*** Data provided ***

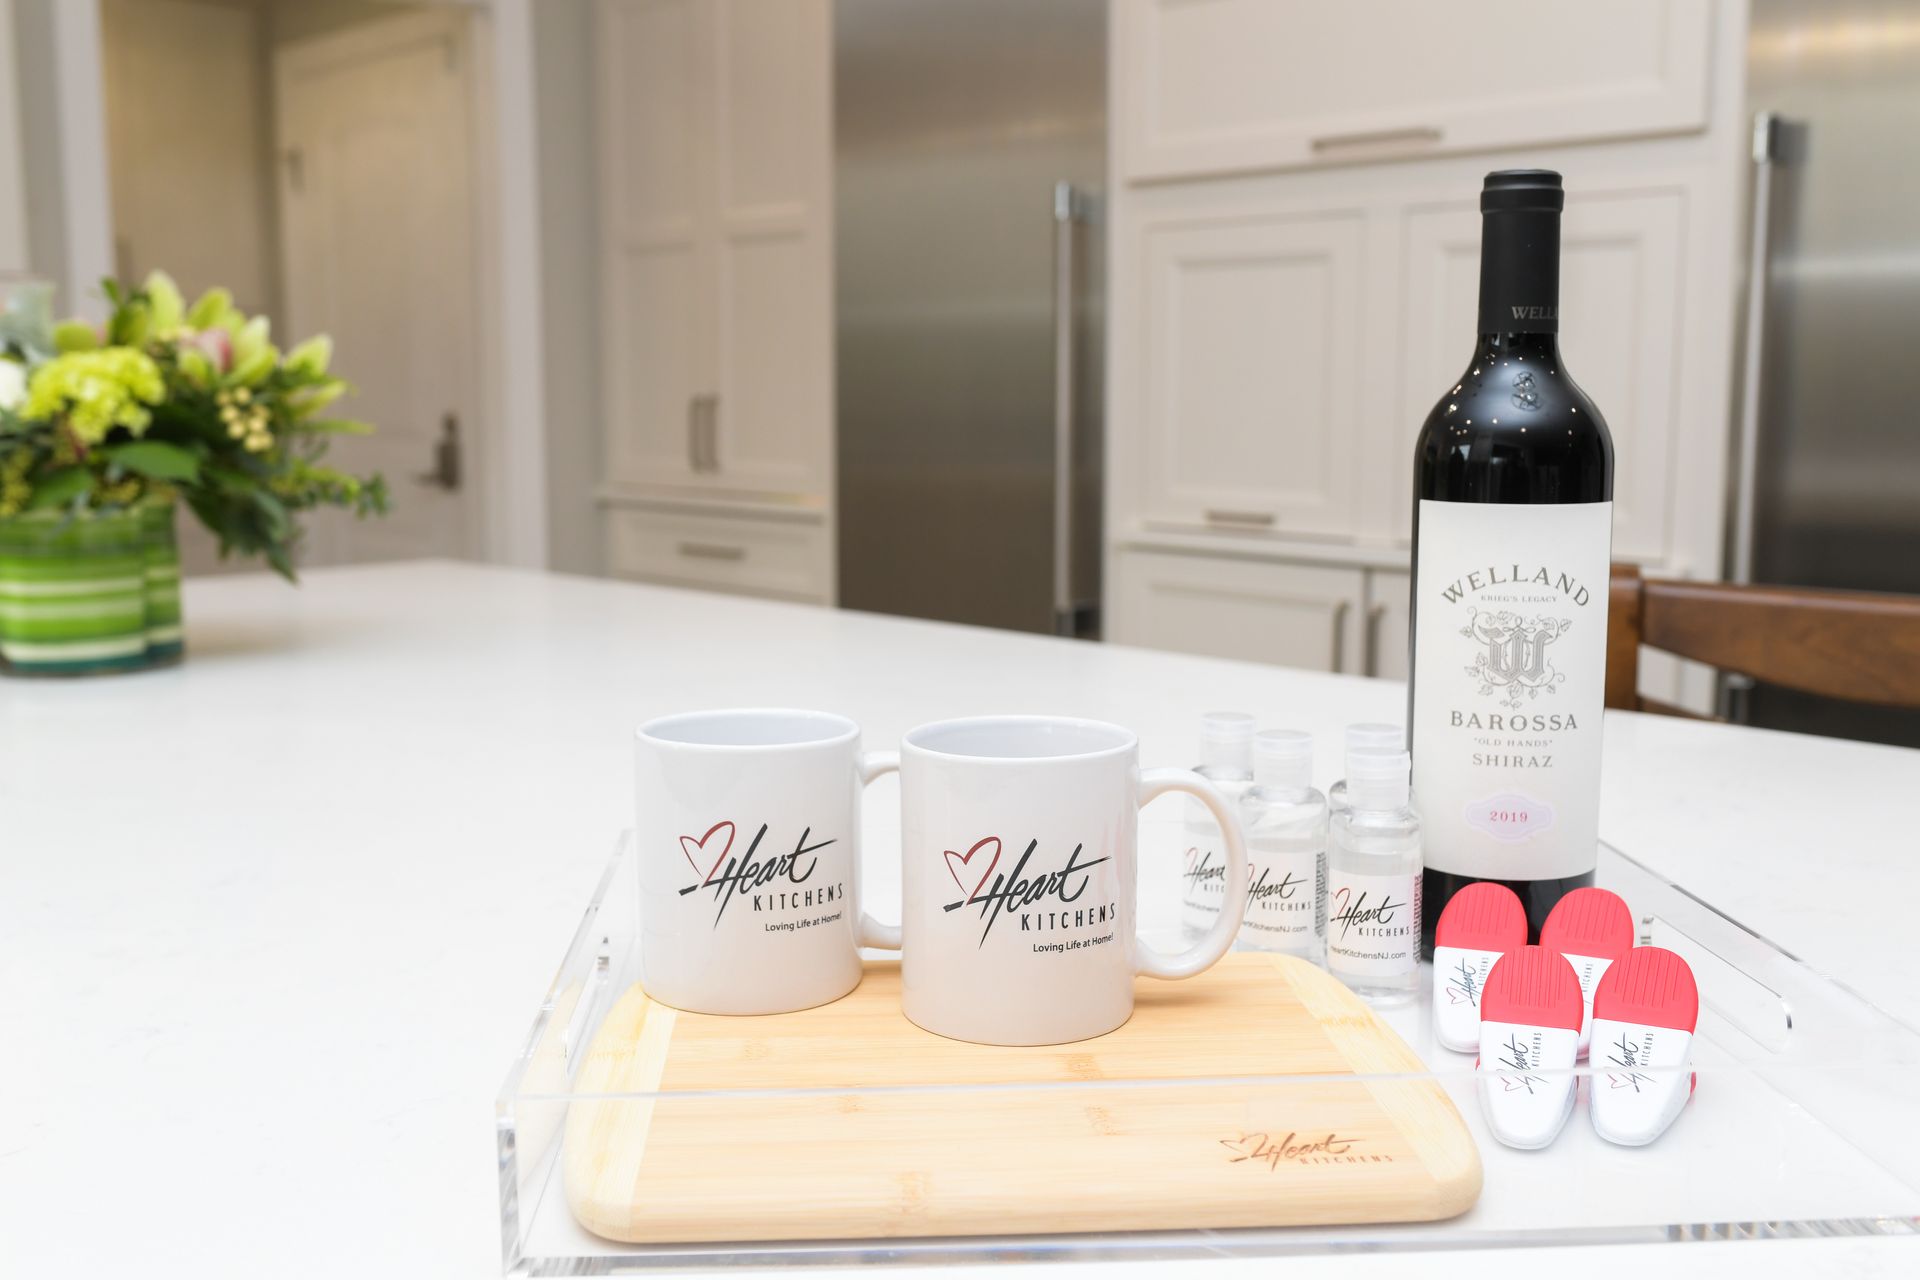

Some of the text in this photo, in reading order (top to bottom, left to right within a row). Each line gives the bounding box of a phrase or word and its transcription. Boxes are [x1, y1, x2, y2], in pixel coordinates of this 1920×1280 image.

[1441, 564, 1589, 607] WELLAND
[1522, 595, 1557, 603] LEGACY
[1450, 711, 1578, 732] BAROSSA
[1473, 753, 1553, 768] SHIRAZ
[1490, 811, 1528, 823] 2019
[700, 823, 838, 931] Heart
[753, 882, 843, 911] KITCHENS
[965, 838, 1112, 950] Heart
[1262, 901, 1311, 911] KITCHENS
[1336, 892, 1407, 941] Heart
[765, 911, 842, 932] Loving Life at Home!
[1021, 903, 1115, 931] KITCHENS
[1033, 932, 1114, 953] Loving Life at Home!
[1359, 927, 1410, 937] KITCHENS
[1251, 1132, 1367, 1172] Heart
[1299, 1155, 1394, 1165] KITCHENS

*** End of Data provided ***

* **What this task involves**
Each entry above should be copied exactly. The pictures should not.

* **Written solution**
Some of the text in this photo, in reading order (top to bottom, left to right within a row). Each line gives the bounding box of a phrase or word and its transcription. Boxes are [x1, y1, x2, y2], in pixel coordinates of this 1920×1280 image.

[1441, 564, 1589, 607] WELLAND
[1522, 595, 1557, 603] LEGACY
[1450, 711, 1578, 732] BAROSSA
[1473, 753, 1553, 768] SHIRAZ
[1490, 811, 1528, 823] 2019
[700, 823, 838, 931] Heart
[753, 882, 843, 911] KITCHENS
[965, 838, 1112, 950] Heart
[1262, 901, 1311, 911] KITCHENS
[1336, 892, 1407, 941] Heart
[765, 911, 842, 932] Loving Life at Home!
[1021, 903, 1115, 931] KITCHENS
[1033, 932, 1114, 953] Loving Life at Home!
[1359, 927, 1410, 937] KITCHENS
[1251, 1132, 1367, 1172] Heart
[1299, 1155, 1394, 1165] KITCHENS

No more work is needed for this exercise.